Dataset entries
------

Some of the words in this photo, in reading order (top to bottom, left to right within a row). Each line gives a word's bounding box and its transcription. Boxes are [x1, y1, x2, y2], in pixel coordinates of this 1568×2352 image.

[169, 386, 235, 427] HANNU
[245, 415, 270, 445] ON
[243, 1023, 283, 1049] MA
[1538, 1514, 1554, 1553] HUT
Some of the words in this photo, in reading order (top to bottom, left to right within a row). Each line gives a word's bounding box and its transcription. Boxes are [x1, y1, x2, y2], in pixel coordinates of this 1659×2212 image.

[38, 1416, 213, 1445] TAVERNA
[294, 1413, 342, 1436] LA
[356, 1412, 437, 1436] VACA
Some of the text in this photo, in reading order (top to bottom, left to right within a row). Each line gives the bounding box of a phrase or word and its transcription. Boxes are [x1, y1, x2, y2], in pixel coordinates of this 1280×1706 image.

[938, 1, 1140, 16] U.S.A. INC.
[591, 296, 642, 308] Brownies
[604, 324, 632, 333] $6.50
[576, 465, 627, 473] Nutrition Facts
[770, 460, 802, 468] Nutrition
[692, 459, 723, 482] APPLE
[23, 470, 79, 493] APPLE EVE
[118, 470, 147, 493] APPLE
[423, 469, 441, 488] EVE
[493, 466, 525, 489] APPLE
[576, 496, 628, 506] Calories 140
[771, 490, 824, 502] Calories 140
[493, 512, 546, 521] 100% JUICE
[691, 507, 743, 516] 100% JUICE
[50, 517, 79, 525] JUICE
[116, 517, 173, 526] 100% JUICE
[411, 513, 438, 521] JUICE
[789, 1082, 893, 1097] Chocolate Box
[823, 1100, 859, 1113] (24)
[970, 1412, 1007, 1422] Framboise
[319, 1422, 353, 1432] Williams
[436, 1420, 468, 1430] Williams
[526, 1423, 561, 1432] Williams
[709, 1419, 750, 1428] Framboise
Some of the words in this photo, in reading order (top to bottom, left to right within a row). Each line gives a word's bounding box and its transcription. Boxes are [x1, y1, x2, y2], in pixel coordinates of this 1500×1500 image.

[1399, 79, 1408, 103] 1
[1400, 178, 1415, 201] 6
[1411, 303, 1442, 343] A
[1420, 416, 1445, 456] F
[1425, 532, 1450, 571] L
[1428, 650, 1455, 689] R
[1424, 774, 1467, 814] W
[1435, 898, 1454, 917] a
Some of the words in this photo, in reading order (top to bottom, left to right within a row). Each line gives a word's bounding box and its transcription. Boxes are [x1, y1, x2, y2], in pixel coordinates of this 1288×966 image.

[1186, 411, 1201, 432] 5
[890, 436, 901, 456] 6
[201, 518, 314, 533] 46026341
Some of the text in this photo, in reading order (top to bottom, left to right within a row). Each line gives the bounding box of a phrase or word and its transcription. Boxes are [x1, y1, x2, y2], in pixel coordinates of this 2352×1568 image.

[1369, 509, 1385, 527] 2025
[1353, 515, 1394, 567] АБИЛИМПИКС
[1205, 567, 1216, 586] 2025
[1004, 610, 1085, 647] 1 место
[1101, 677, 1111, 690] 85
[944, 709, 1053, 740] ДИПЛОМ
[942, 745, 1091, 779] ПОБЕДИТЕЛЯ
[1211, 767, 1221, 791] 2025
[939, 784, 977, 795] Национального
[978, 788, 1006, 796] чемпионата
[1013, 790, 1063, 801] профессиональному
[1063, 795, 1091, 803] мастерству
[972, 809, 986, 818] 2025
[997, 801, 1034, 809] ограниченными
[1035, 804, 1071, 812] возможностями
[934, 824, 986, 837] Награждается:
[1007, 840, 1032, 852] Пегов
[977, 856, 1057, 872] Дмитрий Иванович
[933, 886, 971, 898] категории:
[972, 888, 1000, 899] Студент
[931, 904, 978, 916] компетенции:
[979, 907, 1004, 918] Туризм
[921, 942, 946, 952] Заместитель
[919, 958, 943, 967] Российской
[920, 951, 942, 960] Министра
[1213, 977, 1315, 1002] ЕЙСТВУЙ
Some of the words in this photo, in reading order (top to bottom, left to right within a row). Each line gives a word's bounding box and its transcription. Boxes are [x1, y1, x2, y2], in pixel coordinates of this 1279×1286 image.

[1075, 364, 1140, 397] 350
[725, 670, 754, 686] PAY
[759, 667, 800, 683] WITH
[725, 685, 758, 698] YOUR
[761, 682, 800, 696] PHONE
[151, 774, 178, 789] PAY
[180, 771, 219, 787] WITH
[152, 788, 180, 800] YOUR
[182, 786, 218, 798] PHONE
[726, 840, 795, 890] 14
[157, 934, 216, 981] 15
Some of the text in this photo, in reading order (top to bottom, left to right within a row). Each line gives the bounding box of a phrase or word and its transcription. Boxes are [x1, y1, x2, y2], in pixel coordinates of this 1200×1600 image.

------

Set every entry down verbatim.

Some of the words in this photo, in reading order (top to bottom, left to right within a row). Each line gives a word's bounding box and its transcription. Boxes are [x1, y1, x2, y2], in pixel coordinates of this 1568×2352 image.

[169, 386, 235, 427] HANNU
[245, 415, 270, 445] ON
[243, 1023, 283, 1049] MA
[1538, 1514, 1554, 1553] HUT
Some of the words in this photo, in reading order (top to bottom, left to right within a row). Each line gives a word's bounding box and its transcription. Boxes are [x1, y1, x2, y2], in pixel coordinates of this 1659×2212 image.

[38, 1416, 213, 1445] TAVERNA
[294, 1413, 342, 1436] LA
[356, 1412, 437, 1436] VACA
Some of the text in this photo, in reading order (top to bottom, left to right within a row). Each line gives the bounding box of a phrase or word and its transcription. Boxes are [x1, y1, x2, y2], in pixel coordinates of this 1280×1706 image.

[938, 1, 1140, 16] U.S.A. INC.
[591, 296, 642, 308] Brownies
[604, 324, 632, 333] $6.50
[576, 465, 627, 473] Nutrition Facts
[770, 460, 802, 468] Nutrition
[692, 459, 723, 482] APPLE
[23, 470, 79, 493] APPLE EVE
[118, 470, 147, 493] APPLE
[423, 469, 441, 488] EVE
[493, 466, 525, 489] APPLE
[576, 496, 628, 506] Calories 140
[771, 490, 824, 502] Calories 140
[493, 512, 546, 521] 100% JUICE
[691, 507, 743, 516] 100% JUICE
[50, 517, 79, 525] JUICE
[116, 517, 173, 526] 100% JUICE
[411, 513, 438, 521] JUICE
[789, 1082, 893, 1097] Chocolate Box
[823, 1100, 859, 1113] (24)
[970, 1412, 1007, 1422] Framboise
[319, 1422, 353, 1432] Williams
[436, 1420, 468, 1430] Williams
[526, 1423, 561, 1432] Williams
[709, 1419, 750, 1428] Framboise
Some of the words in this photo, in reading order (top to bottom, left to right within a row). Each line gives a word's bounding box and its transcription. Boxes are [x1, y1, x2, y2], in pixel coordinates of this 1500×1500 image.

[1399, 79, 1408, 103] 1
[1400, 178, 1415, 201] 6
[1411, 303, 1442, 343] A
[1420, 416, 1445, 456] F
[1425, 532, 1450, 571] L
[1428, 650, 1455, 689] R
[1424, 774, 1467, 814] W
[1435, 898, 1454, 917] a
Some of the words in this photo, in reading order (top to bottom, left to right within a row). Each line gives a word's bounding box and its transcription. Boxes are [x1, y1, x2, y2], in pixel coordinates of this 1288×966 image.

[1186, 411, 1201, 432] 5
[890, 436, 901, 456] 6
[201, 518, 314, 533] 46026341
Some of the text in this photo, in reading order (top to bottom, left to right within a row). Each line gives the bounding box of a phrase or word and its transcription. Boxes are [x1, y1, x2, y2], in pixel coordinates of this 2352×1568 image.

[1369, 509, 1385, 527] 2025
[1353, 515, 1394, 567] АБИЛИМПИКС
[1205, 567, 1216, 586] 2025
[1004, 610, 1085, 647] 1 место
[1101, 677, 1111, 690] 85
[944, 709, 1053, 740] ДИПЛОМ
[942, 745, 1091, 779] ПОБЕДИТЕЛЯ
[1211, 767, 1221, 791] 2025
[939, 784, 977, 795] Национального
[978, 788, 1006, 796] чемпионата
[1013, 790, 1063, 801] профессиональному
[1063, 795, 1091, 803] мастерству
[972, 809, 986, 818] 2025
[997, 801, 1034, 809] ограниченными
[1035, 804, 1071, 812] возможностями
[934, 824, 986, 837] Награждается:
[1007, 840, 1032, 852] Пегов
[977, 856, 1057, 872] Дмитрий Иванович
[933, 886, 971, 898] категории:
[972, 888, 1000, 899] Студент
[931, 904, 978, 916] компетенции:
[979, 907, 1004, 918] Туризм
[921, 942, 946, 952] Заместитель
[919, 958, 943, 967] Российской
[920, 951, 942, 960] Министра
[1213, 977, 1315, 1002] ЕЙСТВУЙ
Some of the words in this photo, in reading order (top to bottom, left to right within a row). Each line gives a word's bounding box and its transcription. Boxes are [x1, y1, x2, y2], in pixel coordinates of this 1279×1286 image.

[1075, 364, 1140, 397] 350
[725, 670, 754, 686] PAY
[759, 667, 800, 683] WITH
[725, 685, 758, 698] YOUR
[761, 682, 800, 696] PHONE
[151, 774, 178, 789] PAY
[180, 771, 219, 787] WITH
[152, 788, 180, 800] YOUR
[182, 786, 218, 798] PHONE
[726, 840, 795, 890] 14
[157, 934, 216, 981] 15
Some of the text in this photo, in reading order (top to bottom, left to right within a row). Each line gives the bounding box of a phrase or word and its transcription. Boxes are [x1, y1, x2, y2], in pixel coordinates of this 1200×1600 image.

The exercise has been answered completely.